What is needed
Reproduce all records verbatim.
=======
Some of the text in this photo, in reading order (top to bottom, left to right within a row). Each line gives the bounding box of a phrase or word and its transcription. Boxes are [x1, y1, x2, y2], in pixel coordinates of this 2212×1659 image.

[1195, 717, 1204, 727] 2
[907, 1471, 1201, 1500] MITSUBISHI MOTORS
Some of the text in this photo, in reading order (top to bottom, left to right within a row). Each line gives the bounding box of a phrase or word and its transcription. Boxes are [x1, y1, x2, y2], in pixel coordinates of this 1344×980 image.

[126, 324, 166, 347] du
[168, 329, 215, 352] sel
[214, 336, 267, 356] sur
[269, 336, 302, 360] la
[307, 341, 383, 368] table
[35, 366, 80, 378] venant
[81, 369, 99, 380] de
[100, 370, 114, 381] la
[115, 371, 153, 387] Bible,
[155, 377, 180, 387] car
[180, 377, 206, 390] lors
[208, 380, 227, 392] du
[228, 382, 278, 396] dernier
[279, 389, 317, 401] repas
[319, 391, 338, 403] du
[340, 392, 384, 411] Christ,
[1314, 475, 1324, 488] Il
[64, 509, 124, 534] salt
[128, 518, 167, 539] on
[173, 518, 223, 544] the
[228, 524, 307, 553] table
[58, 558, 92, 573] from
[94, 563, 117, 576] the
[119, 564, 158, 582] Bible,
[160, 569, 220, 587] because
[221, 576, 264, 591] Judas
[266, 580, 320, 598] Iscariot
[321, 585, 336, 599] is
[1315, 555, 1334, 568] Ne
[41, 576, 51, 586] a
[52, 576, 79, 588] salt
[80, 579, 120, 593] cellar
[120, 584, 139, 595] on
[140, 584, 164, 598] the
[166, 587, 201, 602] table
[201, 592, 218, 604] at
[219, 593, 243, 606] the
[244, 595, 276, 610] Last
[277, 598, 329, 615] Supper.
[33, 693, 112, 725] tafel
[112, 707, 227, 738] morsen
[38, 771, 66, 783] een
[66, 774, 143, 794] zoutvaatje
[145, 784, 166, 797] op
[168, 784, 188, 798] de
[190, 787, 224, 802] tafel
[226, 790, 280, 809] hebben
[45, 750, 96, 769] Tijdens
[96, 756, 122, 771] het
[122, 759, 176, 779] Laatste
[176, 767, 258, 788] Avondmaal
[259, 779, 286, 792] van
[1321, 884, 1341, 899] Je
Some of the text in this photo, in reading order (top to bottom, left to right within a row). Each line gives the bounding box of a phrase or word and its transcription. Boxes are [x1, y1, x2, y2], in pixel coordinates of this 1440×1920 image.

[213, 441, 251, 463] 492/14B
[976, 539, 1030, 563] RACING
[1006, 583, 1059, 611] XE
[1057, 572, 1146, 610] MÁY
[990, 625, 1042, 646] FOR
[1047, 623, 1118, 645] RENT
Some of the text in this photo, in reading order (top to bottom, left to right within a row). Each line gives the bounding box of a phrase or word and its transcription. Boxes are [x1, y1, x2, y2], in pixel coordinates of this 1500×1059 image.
=======
Solved exercise
Some of the text in this photo, in reading order (top to bottom, left to right within a row). Each line gives the bounding box of a phrase or word and its transcription. Boxes are [x1, y1, x2, y2], in pixel coordinates of this 2212×1659 image.

[1195, 717, 1204, 727] 2
[907, 1471, 1201, 1500] MITSUBISHI MOTORS
Some of the text in this photo, in reading order (top to bottom, left to right within a row). Each line gives the bounding box of a phrase or word and its transcription. Boxes are [x1, y1, x2, y2], in pixel coordinates of this 1344×980 image.

[126, 324, 166, 347] du
[168, 329, 215, 352] sel
[214, 336, 267, 356] sur
[269, 336, 302, 360] la
[307, 341, 383, 368] table
[35, 366, 80, 378] venant
[81, 369, 99, 380] de
[100, 370, 114, 381] la
[115, 371, 153, 387] Bible,
[155, 377, 180, 387] car
[180, 377, 206, 390] lors
[208, 380, 227, 392] du
[228, 382, 278, 396] dernier
[279, 389, 317, 401] repas
[319, 391, 338, 403] du
[340, 392, 384, 411] Christ,
[1314, 475, 1324, 488] Il
[64, 509, 124, 534] salt
[128, 518, 167, 539] on
[173, 518, 223, 544] the
[228, 524, 307, 553] table
[58, 558, 92, 573] from
[94, 563, 117, 576] the
[119, 564, 158, 582] Bible,
[160, 569, 220, 587] because
[221, 576, 264, 591] Judas
[266, 580, 320, 598] Iscariot
[321, 585, 336, 599] is
[1315, 555, 1334, 568] Ne
[41, 576, 51, 586] a
[52, 576, 79, 588] salt
[80, 579, 120, 593] cellar
[120, 584, 139, 595] on
[140, 584, 164, 598] the
[166, 587, 201, 602] table
[201, 592, 218, 604] at
[219, 593, 243, 606] the
[244, 595, 276, 610] Last
[277, 598, 329, 615] Supper.
[33, 693, 112, 725] tafel
[112, 707, 227, 738] morsen
[38, 771, 66, 783] een
[66, 774, 143, 794] zoutvaatje
[145, 784, 166, 797] op
[168, 784, 188, 798] de
[190, 787, 224, 802] tafel
[226, 790, 280, 809] hebben
[45, 750, 96, 769] Tijdens
[96, 756, 122, 771] het
[122, 759, 176, 779] Laatste
[176, 767, 258, 788] Avondmaal
[259, 779, 286, 792] van
[1321, 884, 1341, 899] Je
Some of the text in this photo, in reading order (top to bottom, left to right within a row). Each line gives the bounding box of a phrase or word and its transcription. Boxes are [x1, y1, x2, y2], in pixel coordinates of this 1440×1920 image.

[213, 441, 251, 463] 492/14B
[976, 539, 1030, 563] RACING
[1006, 583, 1059, 611] XE
[1057, 572, 1146, 610] MÁY
[990, 625, 1042, 646] FOR
[1047, 623, 1118, 645] RENT
Some of the text in this photo, in reading order (top to bottom, left to right within a row). Each line gives the bounding box of a phrase or word and its transcription. Boxes are [x1, y1, x2, y2], in pixel coordinates of this 1500×1059 image.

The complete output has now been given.